(Saved data entries)
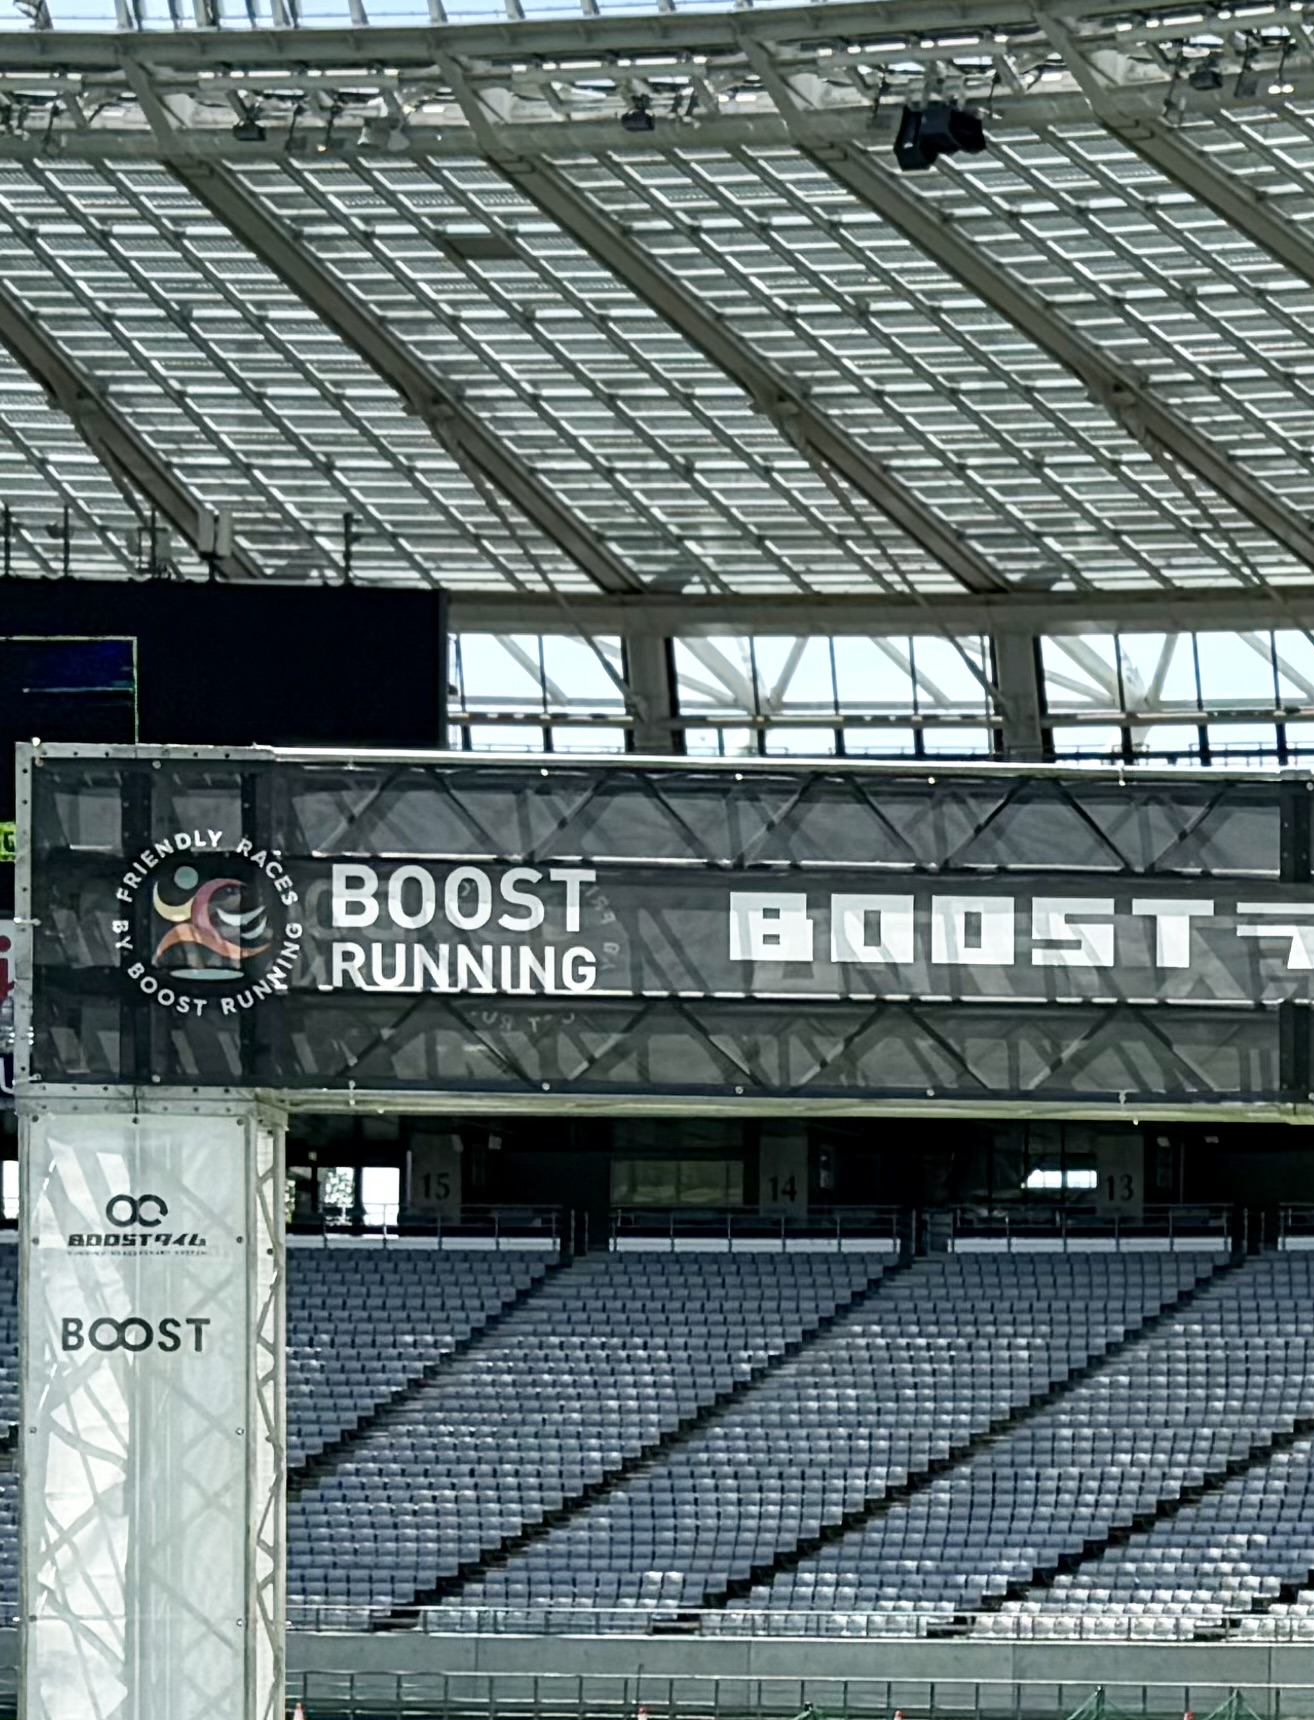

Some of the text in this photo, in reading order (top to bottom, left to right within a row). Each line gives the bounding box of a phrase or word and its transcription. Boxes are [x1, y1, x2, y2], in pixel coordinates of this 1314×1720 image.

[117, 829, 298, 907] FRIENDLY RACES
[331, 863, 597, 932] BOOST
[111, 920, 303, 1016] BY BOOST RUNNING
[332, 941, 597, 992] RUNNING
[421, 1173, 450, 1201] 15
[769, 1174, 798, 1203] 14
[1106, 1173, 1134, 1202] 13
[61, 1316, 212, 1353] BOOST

* [Assigned task]
Omitting the pictures, repeat all entries exactly.

* [Answer]
Some of the text in this photo, in reading order (top to bottom, left to right within a row). Each line gives the bounding box of a phrase or word and its transcription. Boxes are [x1, y1, x2, y2], in pixel coordinates of this 1314×1720 image.

[117, 829, 298, 907] FRIENDLY RACES
[331, 863, 597, 932] BOOST
[111, 920, 303, 1016] BY BOOST RUNNING
[332, 941, 597, 992] RUNNING
[421, 1173, 450, 1201] 15
[769, 1174, 798, 1203] 14
[1106, 1173, 1134, 1202] 13
[61, 1316, 212, 1353] BOOST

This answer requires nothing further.